Il Comune autorizza altri 750 monopattini in condivisione, la flotta in città arriva a 6 mila mezzi

I cittadini e le cittadine milanesi hanno ora a disposizione altri 750 monopattini elettrici in condivisione per muoversi nei quartieri. Struttura verde, manubrio nero, GPS integrato, sono i mezzi della società Bolt. Si tratta dell’ottavo operatore autorizzato dal Comune a svolgere questo servizio pubblico. Con i nuovi arrivi il parco complessivo di monopattini free floating attivato a Milano raggiunge quota 6.000.

I mezzi di Bolt serviranno l’area interna alla Cerchia filoviaria della 90/91 ed alcune zone esterne alla circonvallazione, fra le quali Città studi, Lambrate, Argonne, Corvetto, Scalo Romana, Bovisa e Zara/Testi. I limiti di estensione e le altre condizioni del servizio sono consultabili sull’app per smartphone che l’operatore mette a disposizione.

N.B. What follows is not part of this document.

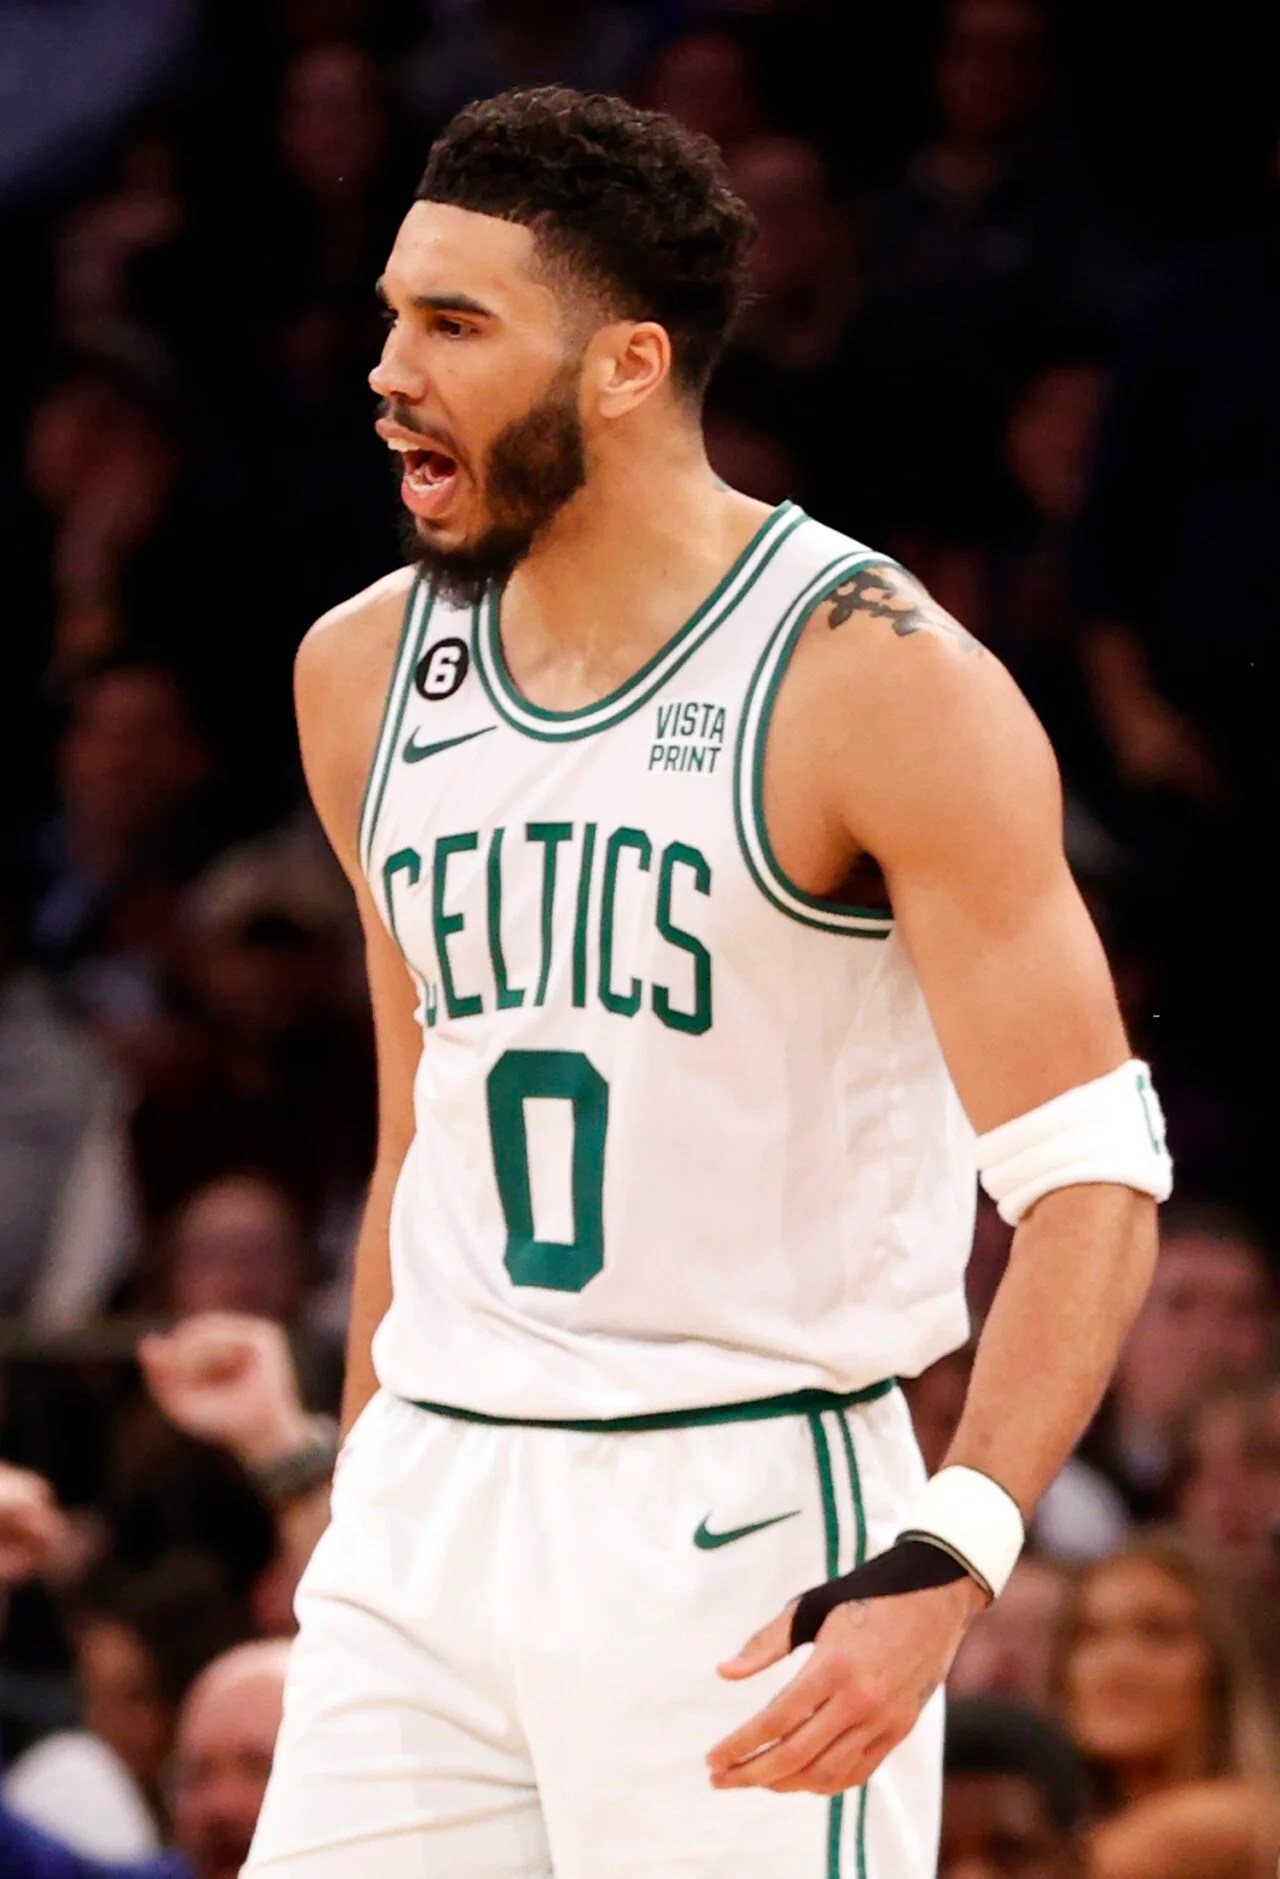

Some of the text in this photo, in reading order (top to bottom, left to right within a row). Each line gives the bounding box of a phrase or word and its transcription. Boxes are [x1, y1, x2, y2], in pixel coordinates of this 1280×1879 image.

La società, già attiva a Torino, Reggio Emilia, Imperia e Modena, si aggiunge a Bit, Helbiz, Bird, Dott, Lime, Voi e Tier, gli altri operatori attivi che hanno risposto all’avviso pubblico promosso da Palazzo Marino nel 2019 per la sperimentazione della circolazione su strada di dispositivi per la mobilità personale a propulsione prevalentemente elettrica, a cui associare il logo del Comune, prevedendo un massimo di 6mila monopattini ammessi alla circolazione con un limite di 750 mezzi a operatore. Con l’ingresso dell’ottavo operatore si esaurisce dunque il numero di dispositivi autorizzabili per la sperimentazione della mobilità elettrica in sharing a Milano.

Il servizio è stato introdotto a febbraio 2020, a conclusione di un iter normativo che ha definito ambiti di sperimentazione e regole d’uso. Si ricordano le principali: velocità massima pari a 20 km/h, che si riduce a 6 km/h nelle aree pedonali, nella Cerchia dei navigli è consentito il prelievo e rilascio dei mezzi esclusivamente nelle aree destinate al parcheggio di bici e moto, nella restante parte del territorio anche a lato strada, dove non sia espressamente vietato.